— Task objective —
From top to bottom, retype the data exactly, passing over any picture.

— Data extract —
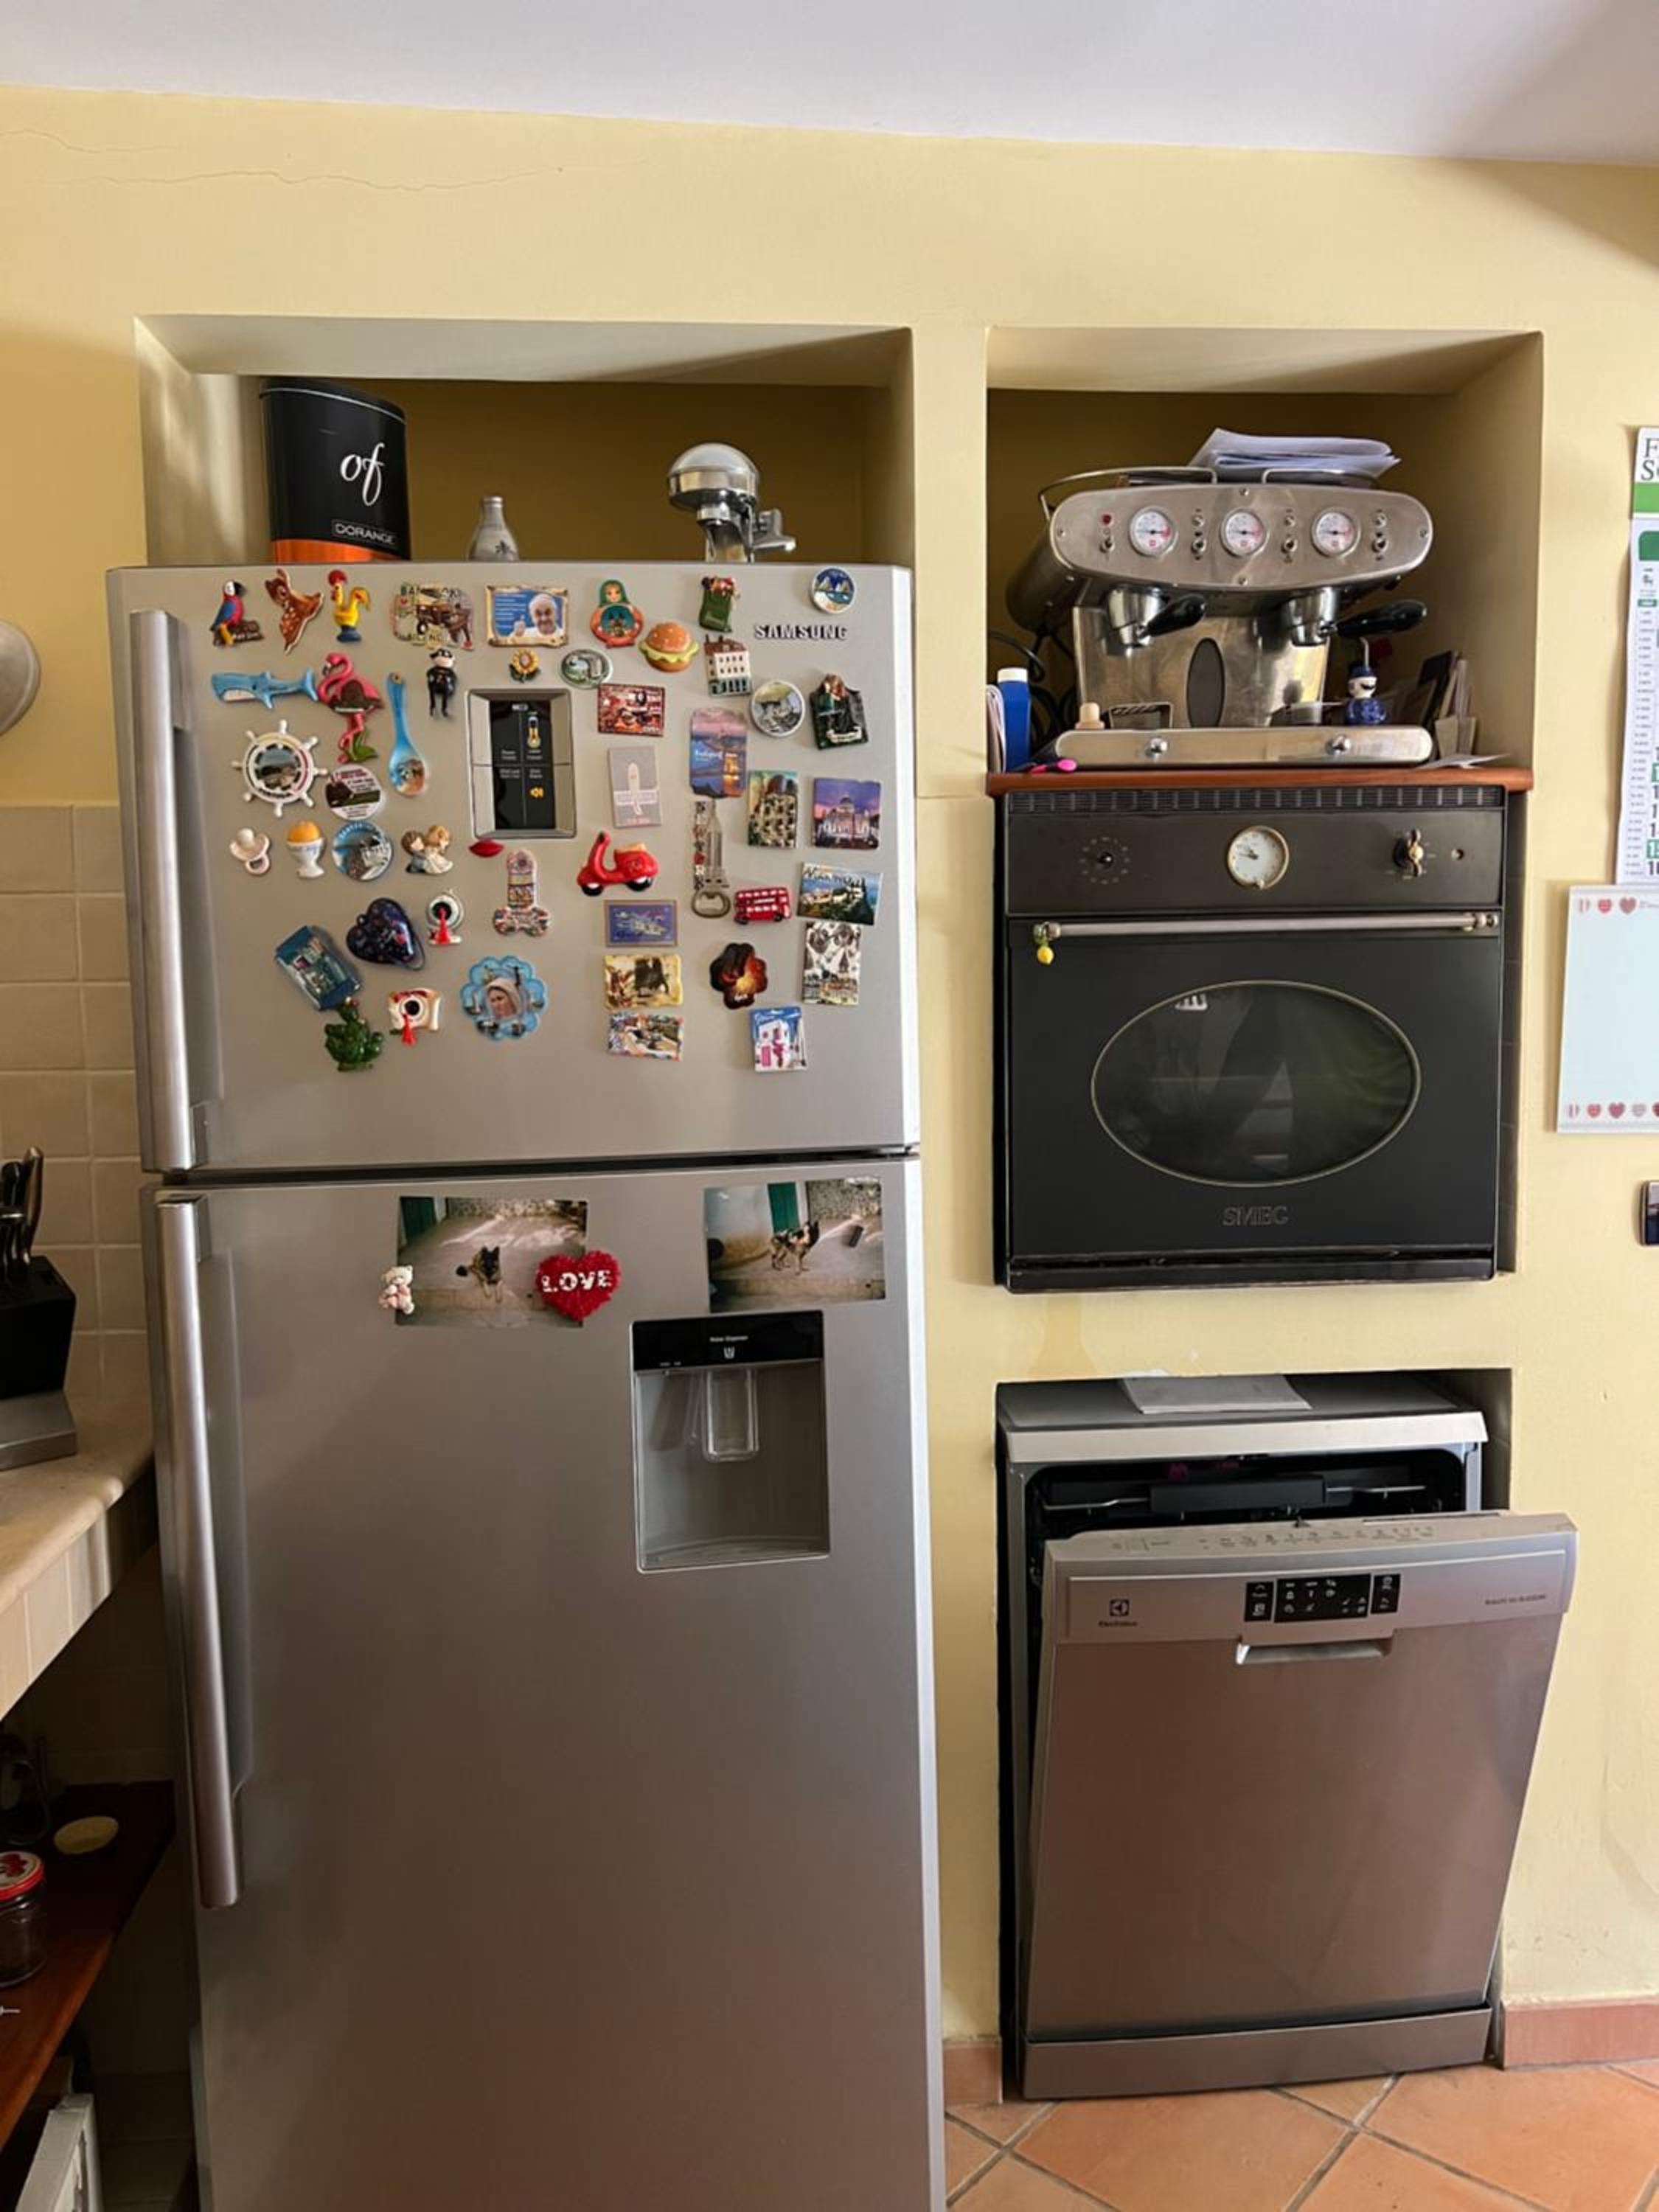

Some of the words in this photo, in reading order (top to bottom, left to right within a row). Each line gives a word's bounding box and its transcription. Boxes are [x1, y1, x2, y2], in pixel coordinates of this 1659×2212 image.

[340, 442, 386, 507] of
[754, 625, 849, 641] SAMSUNG
[1222, 1205, 1290, 1226] SMEG
[541, 1269, 612, 1293] LOVE

— Written response —
Some of the words in this photo, in reading order (top to bottom, left to right within a row). Each line gives a word's bounding box and its transcription. Boxes are [x1, y1, x2, y2], in pixel coordinates of this 1659×2212 image.

[340, 442, 386, 507] of
[754, 625, 849, 641] SAMSUNG
[1222, 1205, 1290, 1226] SMEG
[541, 1269, 612, 1293] LOVE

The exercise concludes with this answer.